For readers too thick to get it, she re-iterates this in the footnotes, making clear she is not giving away the Supreme Court’s constitutional legislative review role.
“Our decision rests solely on the statutory authority that federal courts possess under the Judiciary Act of 1789. We express no view on the government’s argument that Article III forecloses universal relief.”
That footnote may be intended for one particular reader, fellow Justice Sonia Sotomayor, who argues, without so much as a knowing wink, that Barrett’s rationale is premised on an understanding of the Judiciary Act of 1789 frozen “in amber,” which of course it should be, until Congress amends it. Barrett’s summary of Sotomayor’s defense of nationwide injunctions is that they can “serve important policy objectives.” But it’s not the job of judges to make policy, important or not, good or bad, popular or hated. That’s the job of the elected.
The Court’s majority opinion gets down to the practical nub that sticks in the craw of this President’s supporters (and the last President’s, when it happened to him) – the fundamental inequality of a single random judge bringing a halt to the implementation of a national mandate.
“universal injunctions operate asymetrically: A plaintiff must win just one suit to secure sweeping relief. But to fend off such an injunction, the government must win everywhere.”
In a separate concurring opinion, Barrett’s fellow Trump Justice, Brett Kavanaugh, emphasizes that this decision is meant to restrain district judges from making national decisions, not to abdicate the Supreme Court from doing its national job.
The separation of powers is the genius of American governance, and judicial review a key lever in it. Executive power has been expanded far beyond my personal comfort level, starting long before this president took office. Congress, under both parties, is culpable in that devolution of power and it makes our system rickety, or at least squeaky, when pushed. The Supreme Court must be the stabilizer, and Kavanaugh agrees:
“In justiciable cases, this Court, not the district courts or courts of appeal, will often still be the ultimate decisionmaker…When a stay or injunction application arrives here, this court should not and cannot hide in the tall grass. When we receive such an application we must grant or deny.”
Kavanaugh’s expression of determination for the court to consistently engage is notable, as he has sometimes looked for categorical exclusions that might get the Supreme Court out of the business of weeding the garden, and he’s pushed back on the need for the court to make quick decisions on its “shadow docket,” deciding whether to act on stays from lower courts.
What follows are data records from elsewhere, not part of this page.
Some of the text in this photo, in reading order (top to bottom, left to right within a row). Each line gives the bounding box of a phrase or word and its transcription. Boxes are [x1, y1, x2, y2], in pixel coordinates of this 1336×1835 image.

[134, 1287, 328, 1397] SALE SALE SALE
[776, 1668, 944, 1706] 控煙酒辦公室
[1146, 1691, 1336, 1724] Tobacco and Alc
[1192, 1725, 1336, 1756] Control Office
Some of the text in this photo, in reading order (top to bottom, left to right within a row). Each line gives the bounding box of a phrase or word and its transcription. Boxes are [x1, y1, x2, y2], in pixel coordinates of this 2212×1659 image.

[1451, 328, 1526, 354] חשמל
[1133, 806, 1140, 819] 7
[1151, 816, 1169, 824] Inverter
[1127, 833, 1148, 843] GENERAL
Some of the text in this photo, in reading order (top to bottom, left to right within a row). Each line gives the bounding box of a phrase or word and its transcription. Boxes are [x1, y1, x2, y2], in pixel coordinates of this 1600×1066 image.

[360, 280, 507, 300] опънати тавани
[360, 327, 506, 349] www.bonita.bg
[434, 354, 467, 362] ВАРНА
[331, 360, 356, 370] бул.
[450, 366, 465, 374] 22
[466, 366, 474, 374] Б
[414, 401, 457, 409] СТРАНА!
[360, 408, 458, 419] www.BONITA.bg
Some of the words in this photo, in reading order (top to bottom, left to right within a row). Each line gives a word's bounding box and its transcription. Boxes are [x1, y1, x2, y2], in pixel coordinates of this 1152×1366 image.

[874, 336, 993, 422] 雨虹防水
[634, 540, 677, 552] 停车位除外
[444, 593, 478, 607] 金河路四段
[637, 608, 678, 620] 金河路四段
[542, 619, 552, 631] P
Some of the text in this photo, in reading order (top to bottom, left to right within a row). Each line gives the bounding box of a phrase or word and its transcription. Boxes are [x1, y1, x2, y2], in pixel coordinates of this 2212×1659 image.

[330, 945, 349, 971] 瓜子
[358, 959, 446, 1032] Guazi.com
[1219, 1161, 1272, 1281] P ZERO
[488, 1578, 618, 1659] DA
Barrett may have moved him.
Creating a Supreme Court that reliably acts swiftly, rules certainly on the basis of black letter law and original intent, and constrains itself to judicial review and not policy-making will be a democracy-saving exercise. That’s Barrett’s objective.
Our polarized country has a legislative branch now lashed to small and volatile majorities. Our term-limited executives are now consistently chosen within predictably tight ranges. Party control of government now flips regularly but narrowly. The voting public is checking its own government at the ballot box. That’s grimy democracy, but democracy still. Anonymous junior judges in unknown courtrooms wielding blanket monopoly power threaten that ugly balance.
Regardless of what else she does in the next thirty years – and actuarial tables tell us Amy Coney Barrett of New Orleans, Rhodes College and the Notre Dame School of Law, has that much more time on the bench if she wants it – we should thank her already for saving democracy from its most obscure appendages.